Thanks so much for this! I'll just reframe how I've understood this and perhaps you could let me know whether I'm right?
First, PE and structured finance are different. Structured finance is only relevant to sponsor-side PE in certain situations where the PE firm decides it wants some kind of fancy funding. Equally, it could be useful for NAV subscription lines (which, in my understanding, is when a PE firm needs a short term loan to keep operations going in the company it has just acquired.)

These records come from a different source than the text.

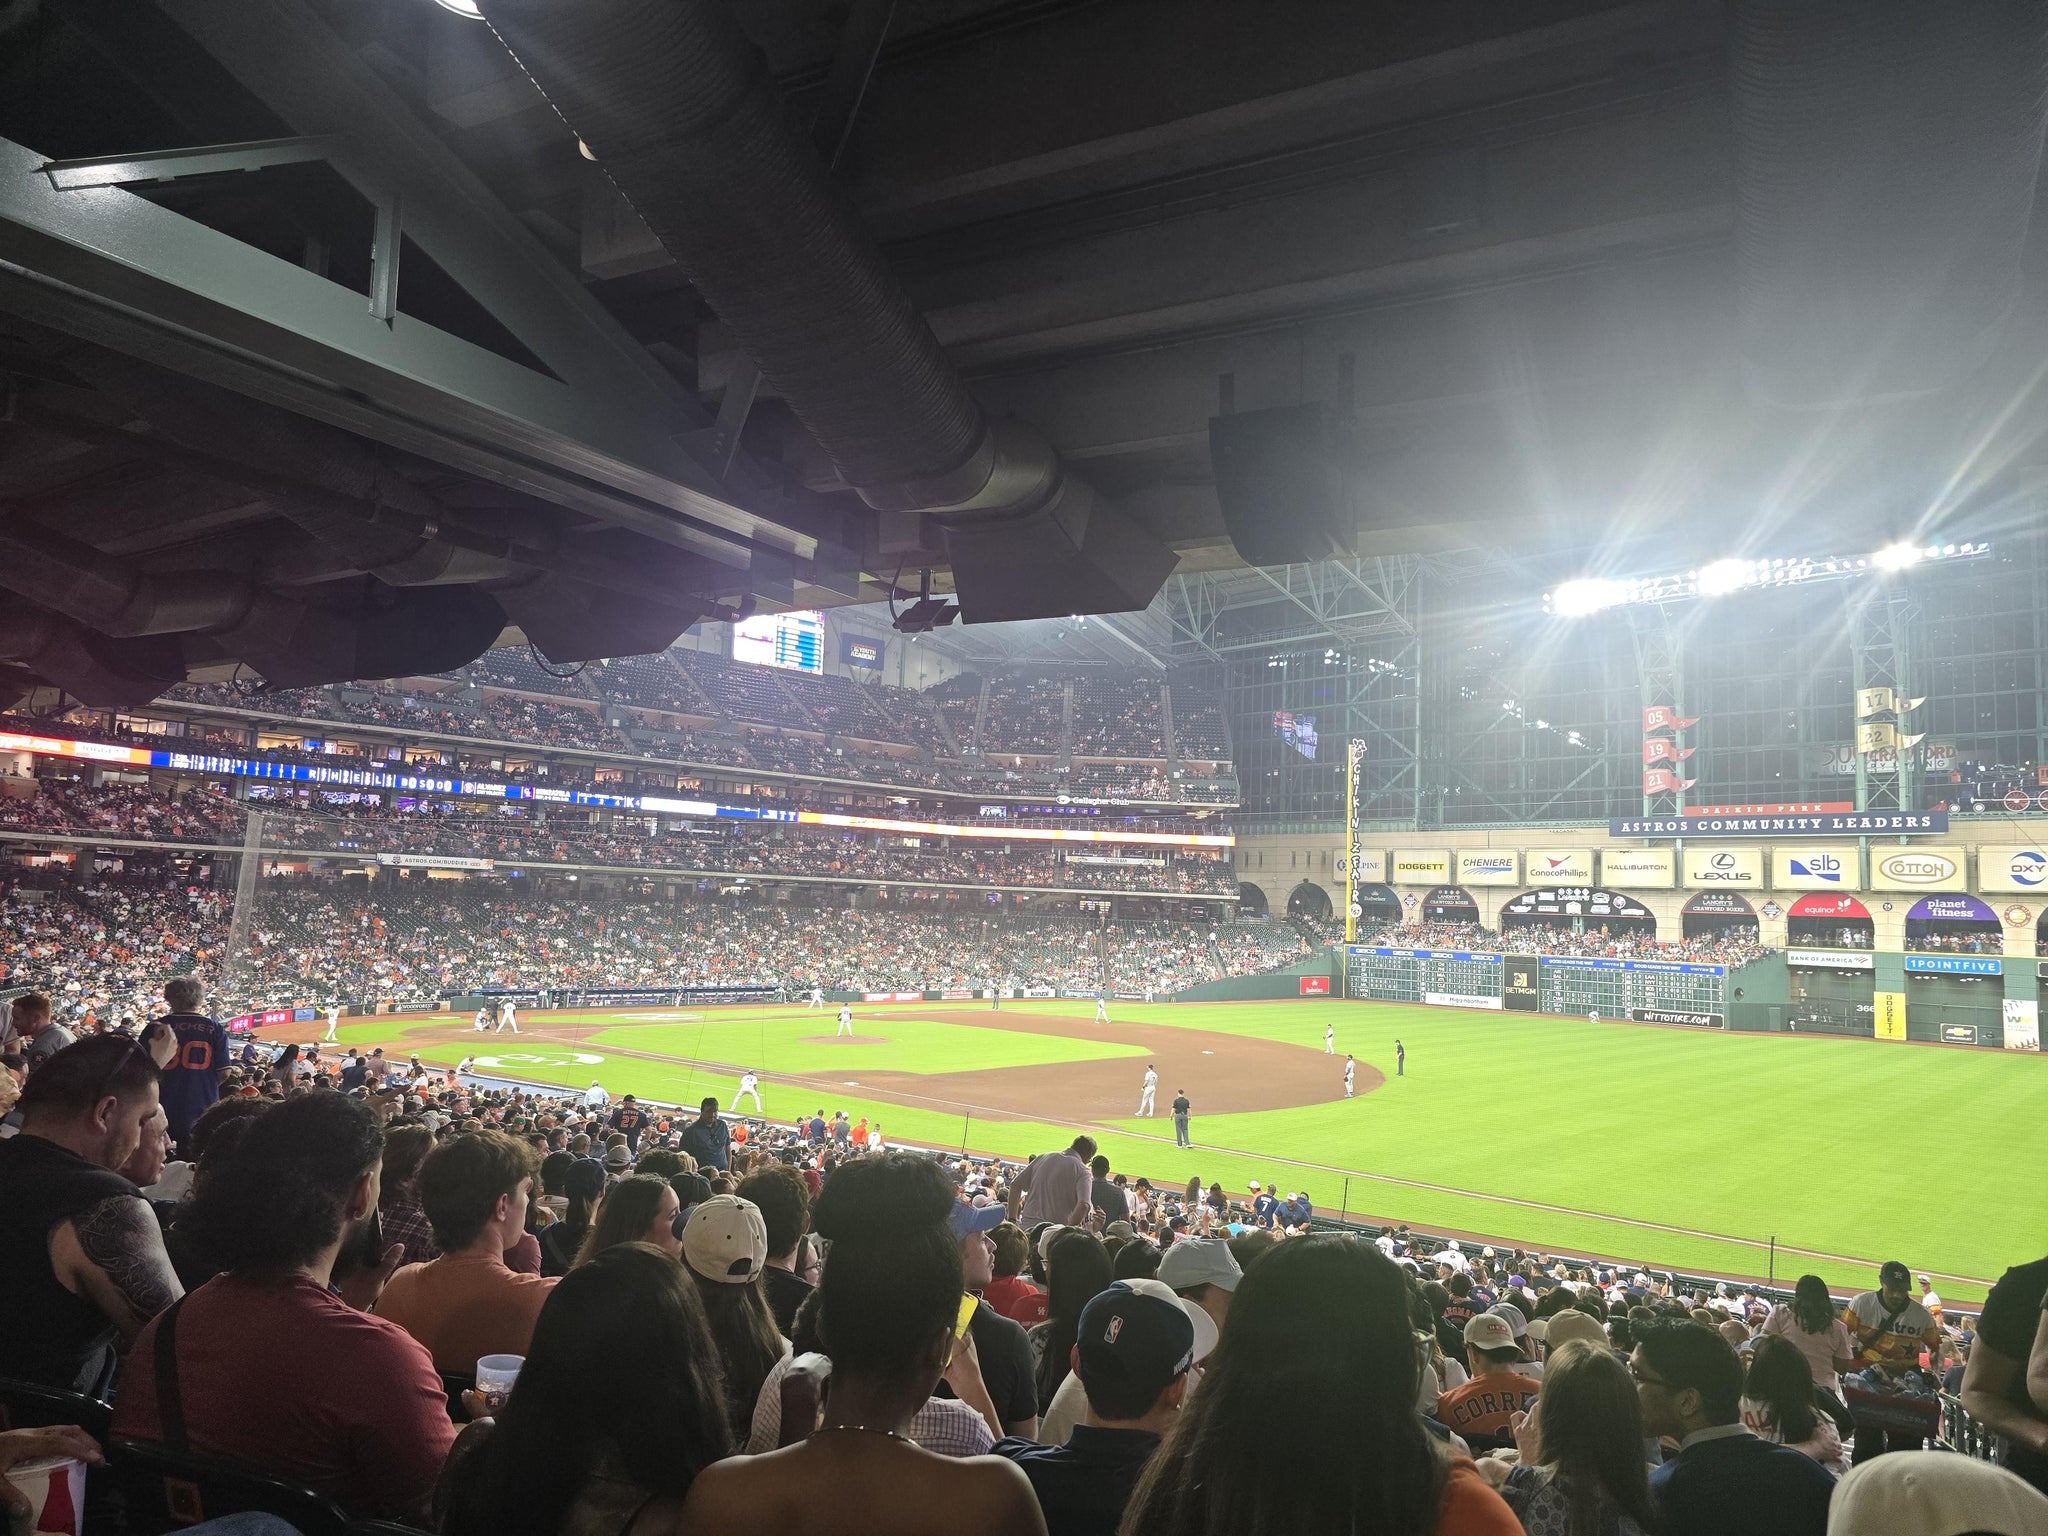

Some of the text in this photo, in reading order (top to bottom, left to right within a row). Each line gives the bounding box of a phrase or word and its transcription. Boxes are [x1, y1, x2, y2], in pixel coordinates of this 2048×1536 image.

[1865, 693, 1883, 708] 17
[1648, 711, 1664, 724] 05
[1864, 730, 1883, 744] 22
[1649, 744, 1664, 756] 19
[309, 769, 316, 778] R
[332, 770, 338, 780] H
[354, 773, 360, 782] E
[401, 776, 417, 788] B 0
[420, 776, 435, 790] S 0
[1648, 774, 1662, 786] 21
[444, 779, 452, 792] 0
[477, 782, 506, 791] ALVAREZ
[1073, 797, 1110, 806] Gallagher
[1350, 764, 1362, 830] CHIKIN
[627, 798, 634, 808] K
[1620, 816, 1932, 832] ASTROS COMMUNITY LEADERS
[1462, 858, 1513, 868] CHENIERE
[1810, 855, 1840, 871] slb
[1530, 868, 1588, 878] ConocoPhillips
[1694, 872, 1751, 881] LEXUS
[1350, 855, 1361, 903] FAIR
[1927, 899, 1966, 909] planet
[1804, 906, 1835, 915] equinor
[1932, 908, 1974, 918] fitness
[1911, 960, 1996, 971] 1POINTFIVE
[1505, 987, 1536, 995] BETMGM
[266, 1014, 285, 1023] H-E-B
[1644, 1011, 1710, 1026] NITTOTIRE.COM
[620, 1115, 638, 1128] 27
[1262, 1201, 1268, 1211] 7
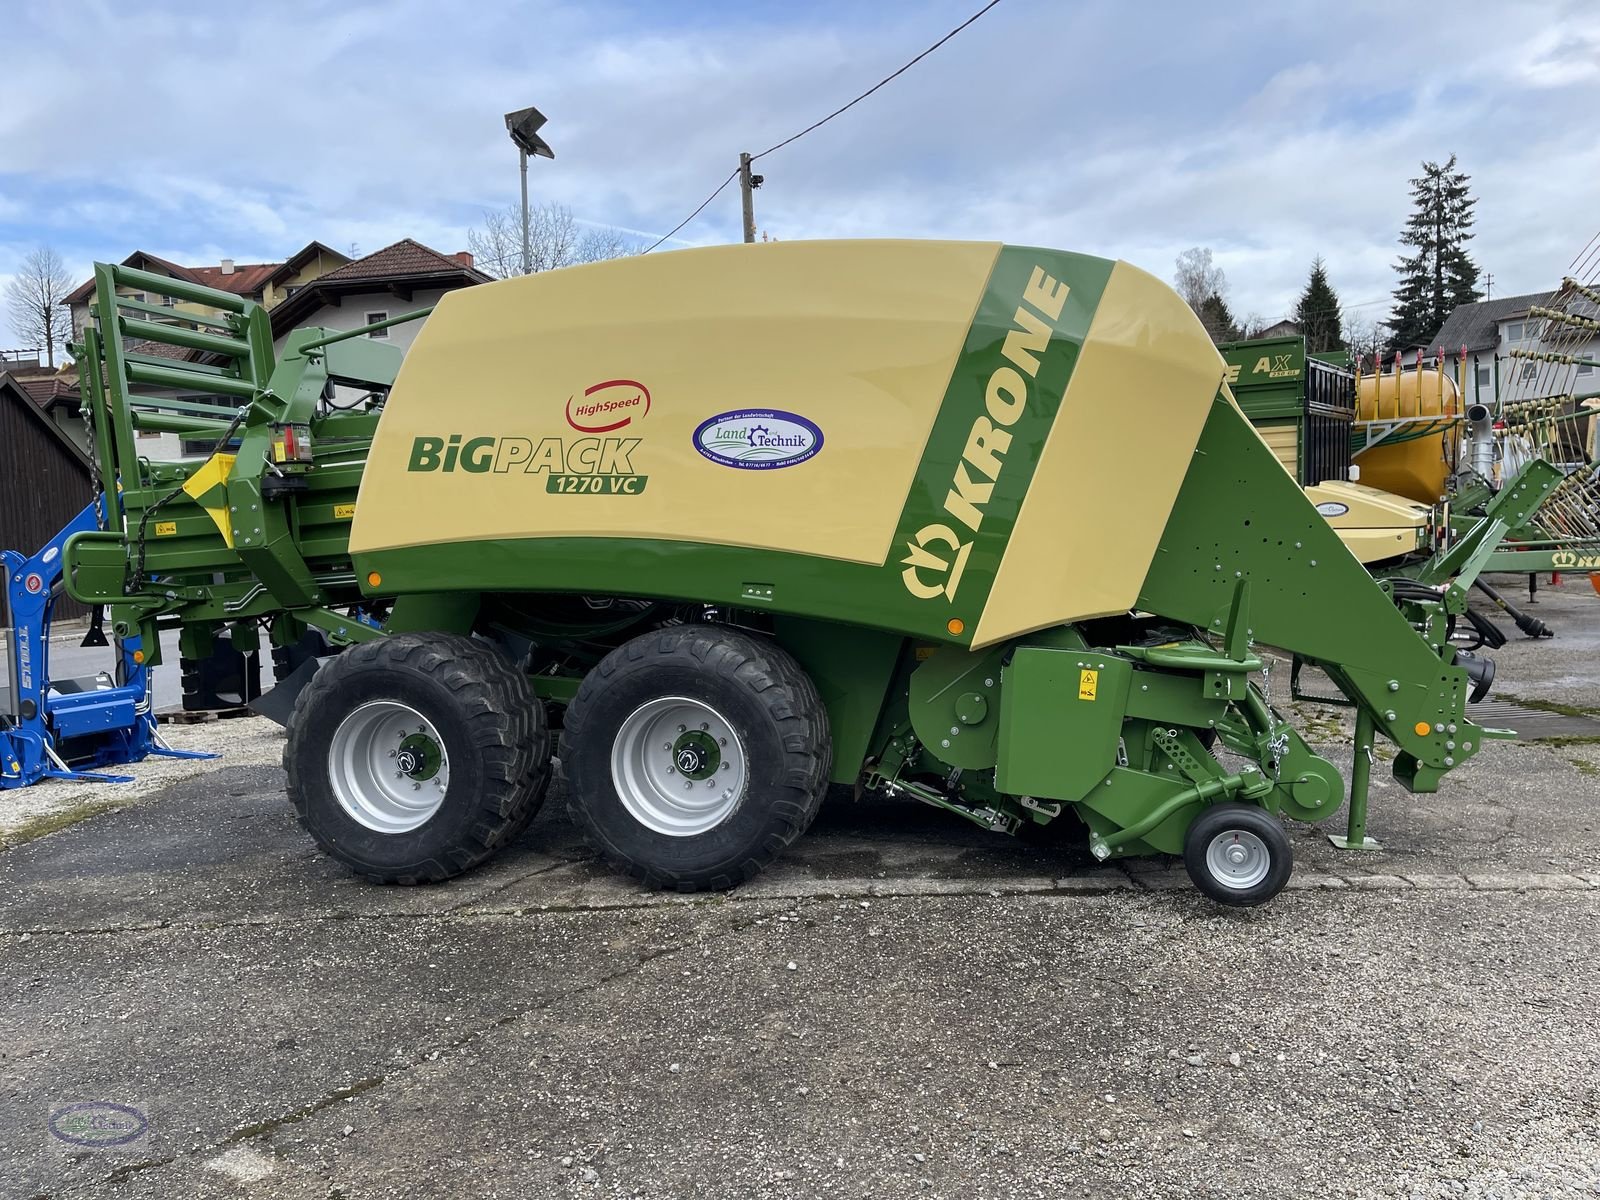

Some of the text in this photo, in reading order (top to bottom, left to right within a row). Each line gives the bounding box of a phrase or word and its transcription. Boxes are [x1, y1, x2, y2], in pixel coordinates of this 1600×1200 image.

This then means that you don't need to be particularly strong in structured finance to be able to be a sponsor-side powerhouse. (E.g Kirkland) Weil is more highly rated for structured finance/ derivatives but that is because it does some lender-sided securitisation alongside PE/ LevFin. I think this was what I was hung-up about. I saw how Weil is band 2 for securitisation, which is on-par with mega finance firms like
Paul Hastings and I thought they must be a structured finance powerhouse as well.
I just have one question though on this
"CLOs and other forms of structured finance are an important part of traditional private equity in the sense that it eases access to debt. But a private equity firm may have nothing to do with the collateralisation of the loans they have taken out."
Are debts generally easier to come by because lenders (like banks) expect to sell their loans to CLO managers? This makes a lot of intuitive sense to me but wanted to confirm.
Again, I appreciate you taking the time out to respond to my message. It's been helpful.